What to work on. Every line of the material must be given again verbatim. Skip the images.

──────── Records provided ────────

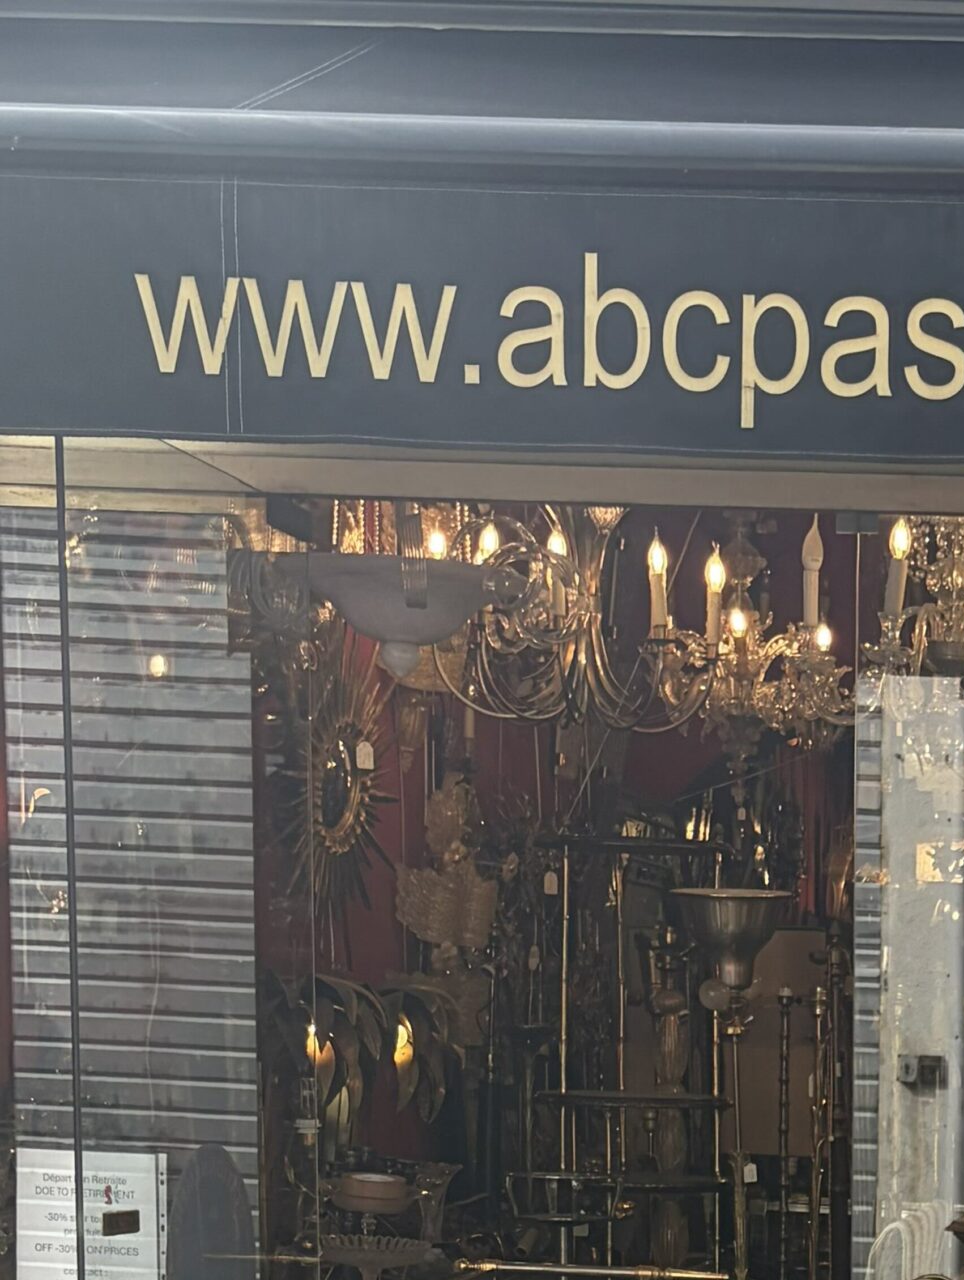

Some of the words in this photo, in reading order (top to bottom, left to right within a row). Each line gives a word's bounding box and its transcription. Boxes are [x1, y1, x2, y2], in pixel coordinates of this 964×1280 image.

[43, 1173, 72, 1183] Départ
[57, 1187, 69, 1197] TO
[35, 1243, 53, 1252] OFF
[104, 1246, 139, 1257] PRICES
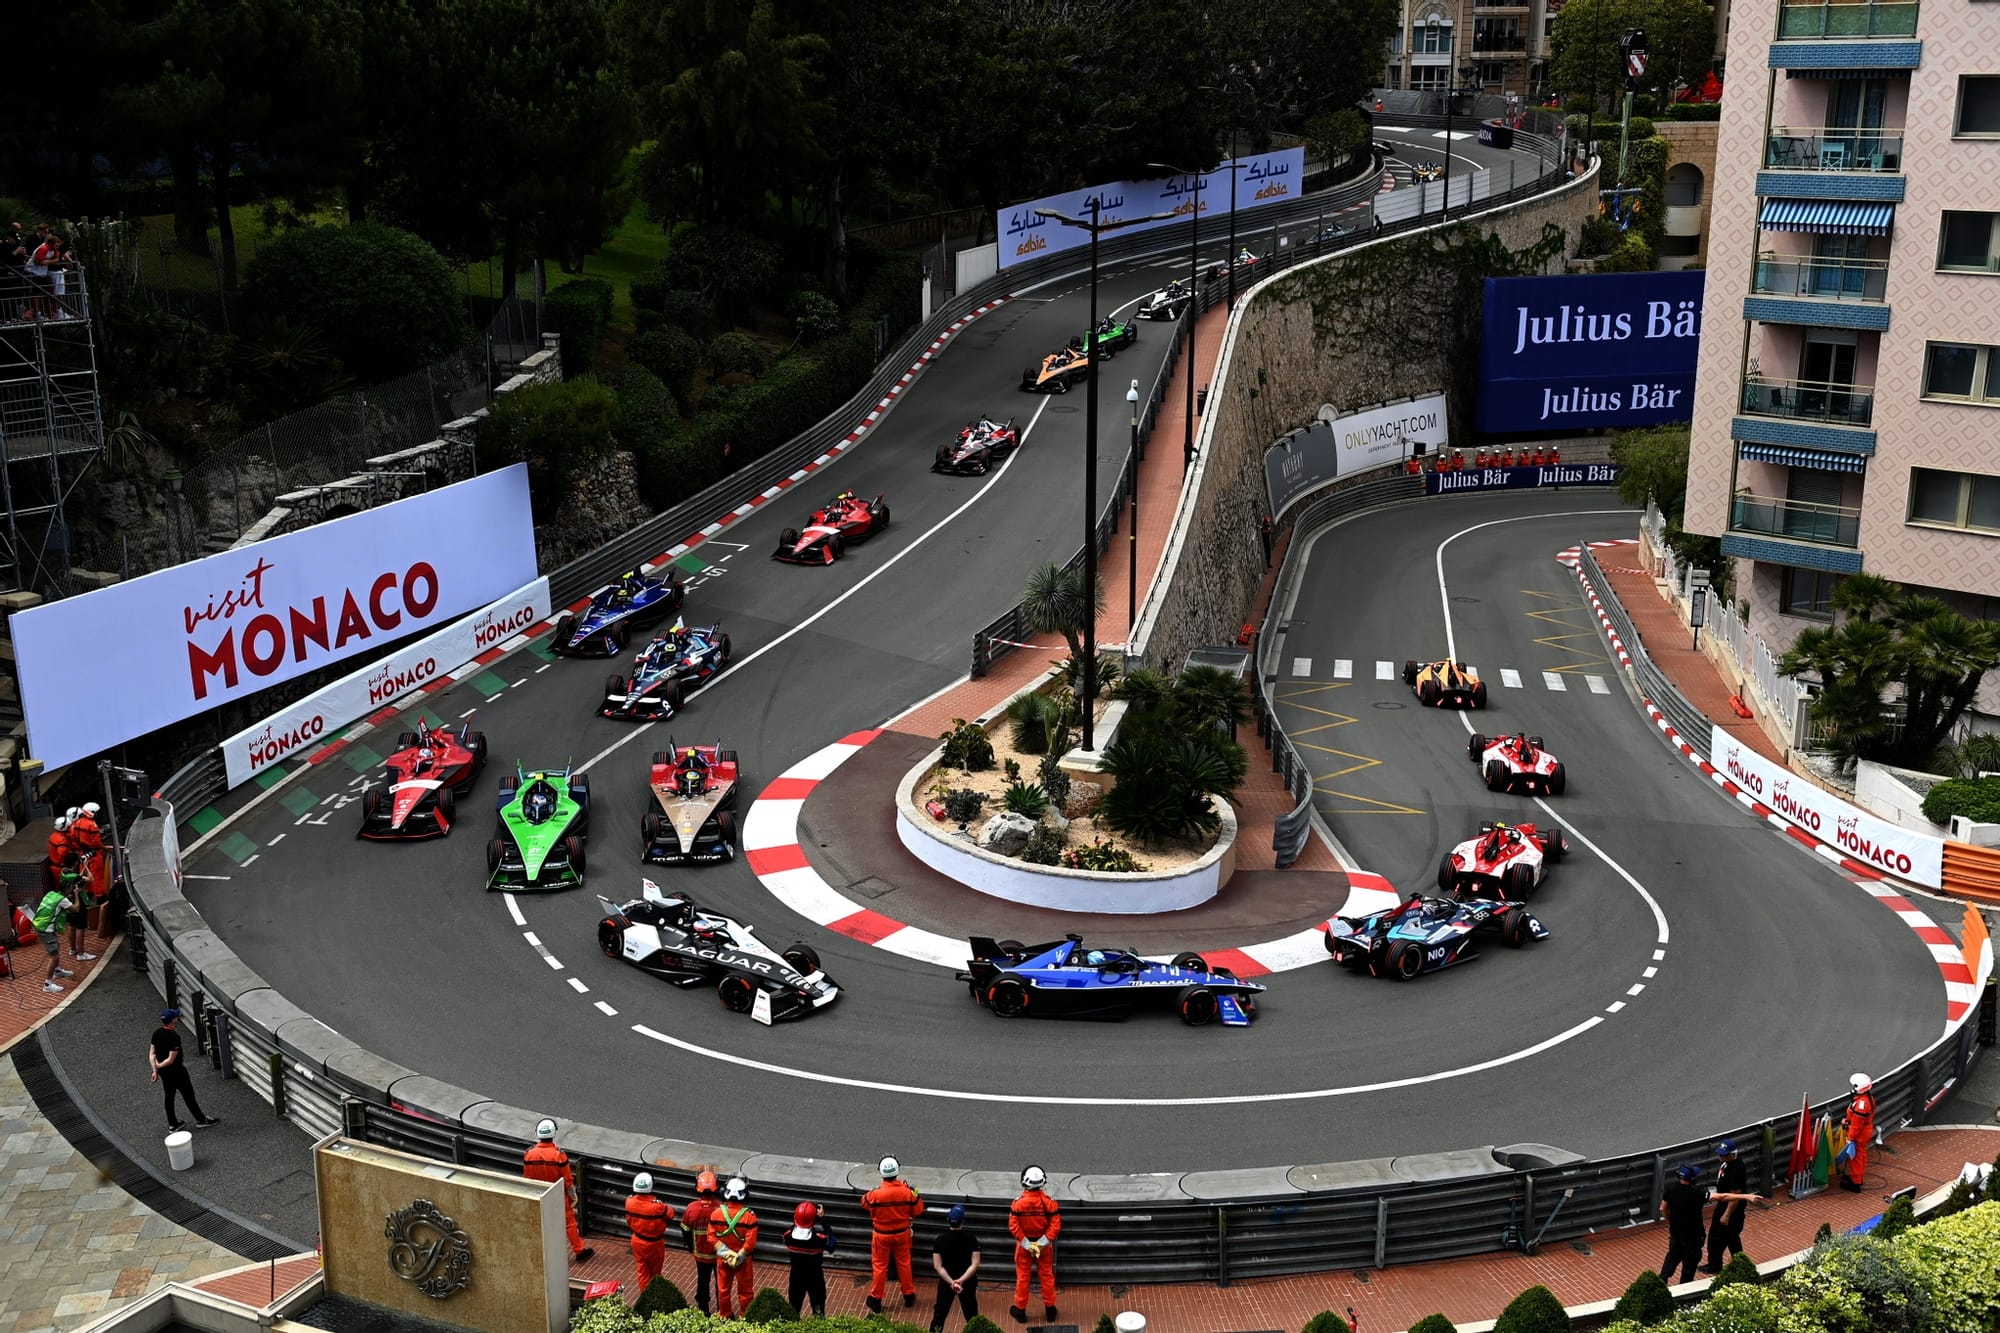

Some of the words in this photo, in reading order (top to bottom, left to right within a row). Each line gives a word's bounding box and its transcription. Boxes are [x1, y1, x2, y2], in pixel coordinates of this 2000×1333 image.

[1244, 160, 1288, 183] سابك
[1254, 181, 1288, 200] sabic
[1016, 233, 1046, 256] sabic
[1513, 305, 1632, 354] Julius
[1644, 301, 1703, 338] Bä
[1540, 387, 1621, 420] Julius
[1629, 384, 1682, 410] Bär
[1345, 413, 1437, 450] ONLYYACHT.COM
[1438, 471, 1479, 493] Julius
[1482, 469, 1511, 486] Bär
[1538, 467, 1583, 487] Julius
[1587, 465, 1617, 481] Bär
[184, 557, 274, 633] visit
[188, 562, 440, 699] MONACO
[475, 606, 534, 648] MONACO
[369, 657, 436, 705] MONACO
[250, 715, 323, 770] MONACO
[1727, 757, 1763, 795] MONACO
[1773, 789, 1821, 831] MONACO
[1837, 824, 1912, 874] MONACO
[664, 943, 773, 974] JAGUAR
[1427, 946, 1446, 962] NIO

────────

Task output.
Some of the words in this photo, in reading order (top to bottom, left to right within a row). Each line gives a word's bounding box and its transcription. Boxes are [x1, y1, x2, y2], in pixel coordinates of this 964×1280 image.

[43, 1173, 72, 1183] Départ
[57, 1187, 69, 1197] TO
[35, 1243, 53, 1252] OFF
[104, 1246, 139, 1257] PRICES

Some of the words in this photo, in reading order (top to bottom, left to right within a row). Each line gives a word's bounding box and its transcription. Boxes are [x1, y1, x2, y2], in pixel coordinates of this 2000×1333 image.

[1244, 160, 1288, 183] سابك
[1254, 181, 1288, 200] sabic
[1016, 233, 1046, 256] sabic
[1513, 305, 1632, 354] Julius
[1644, 301, 1703, 338] Bä
[1540, 387, 1621, 420] Julius
[1629, 384, 1682, 410] Bär
[1345, 413, 1437, 450] ONLYYACHT.COM
[1438, 471, 1479, 493] Julius
[1482, 469, 1511, 486] Bär
[1538, 467, 1583, 487] Julius
[1587, 465, 1617, 481] Bär
[184, 557, 274, 633] visit
[188, 562, 440, 699] MONACO
[475, 606, 534, 648] MONACO
[369, 657, 436, 705] MONACO
[250, 715, 323, 770] MONACO
[1727, 757, 1763, 795] MONACO
[1773, 789, 1821, 831] MONACO
[1837, 824, 1912, 874] MONACO
[664, 943, 773, 974] JAGUAR
[1427, 946, 1446, 962] NIO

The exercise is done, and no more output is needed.